Wintertourismus als Achillesferse

Trotz dieser Stabilisierung bleibt die Lage angespannt. Der Tourismus in der Region habe über Jahrzehnte an Dynamik verloren, erklärt Michael Stadler, Vorstand der Fördergenossenschaft gegenüber der Kronen Zeitung. Besonders problematisch sei die Abhängigkeit von der Wintersaison. Ohne ausreichende Schneesicherheit lasse sich weder ein verlässlicher Saisonstart garantieren noch die Attraktivität des Skigebiets erhalten.

Beschneiung als Schlüsselinvestition

Im Zentrum der Debatte steht daher die technische Infrastruktur. Rund 30 Millionen Euro müssten in eine moderne Beschneiungsanlage investiert werden, um von der bisherigen Teilbeschneiung auf eine flächendeckende Versorgung umzusteigen. Die bestehende Anlage gilt als veraltet und war in der laufenden Saison ein wesentlicher Grund für den verspäteten Start. Statt Anfang Dezember konnte der Betrieb erst kurz vor Jahresende aufgenommen werden.

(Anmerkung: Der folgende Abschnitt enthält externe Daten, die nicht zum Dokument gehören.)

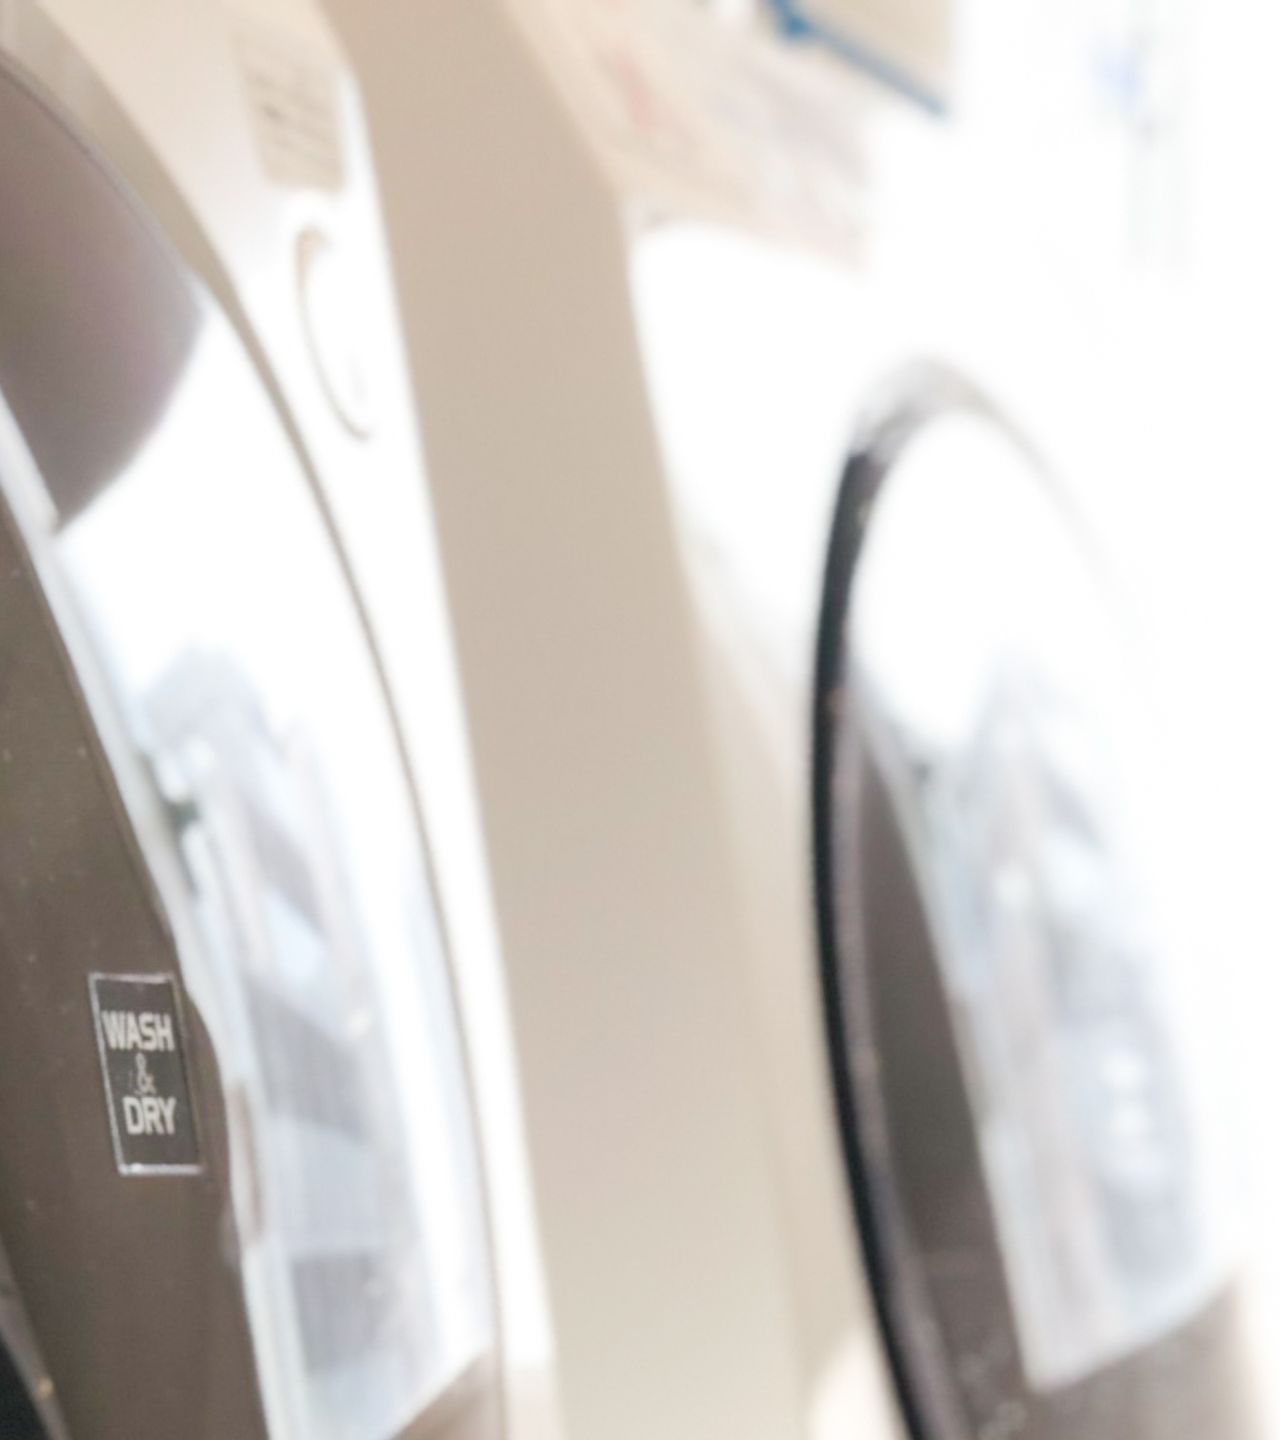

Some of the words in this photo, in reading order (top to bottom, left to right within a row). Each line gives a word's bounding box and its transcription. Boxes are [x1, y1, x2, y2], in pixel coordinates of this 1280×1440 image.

[100, 1010, 174, 1052] WASH
[134, 1051, 157, 1095] &
[122, 1096, 176, 1136] DRY

Für die Fördergenossenschaft sind solche Investitionen aus eigener Kraft nicht zu stemmen. Genau hier setzt die Überlegung an, den Kasberg in die Oberösterreichische Seilbahnholding zu integrieren, um Zugang zu Kapital und langfristiger Planungssicherheit zu erhalten.

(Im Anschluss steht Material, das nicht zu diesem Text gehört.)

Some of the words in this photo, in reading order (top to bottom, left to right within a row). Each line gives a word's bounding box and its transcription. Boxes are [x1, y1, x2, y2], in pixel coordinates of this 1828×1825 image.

Studien warnen vor regionalem Einbruch

Seit September liegt dieser Vorschlag beim Land Oberösterreich zur Prüfung. Begleitet wird er von einer wirtschaftlichen Analyse zweier Forscher der Johannes Kepler Universität. Die Studie kommt zu einem klaren Ergebnis: Würde das Skigebiet wegfallen, hätte dies spürbare negative Folgen für die gesamte Region.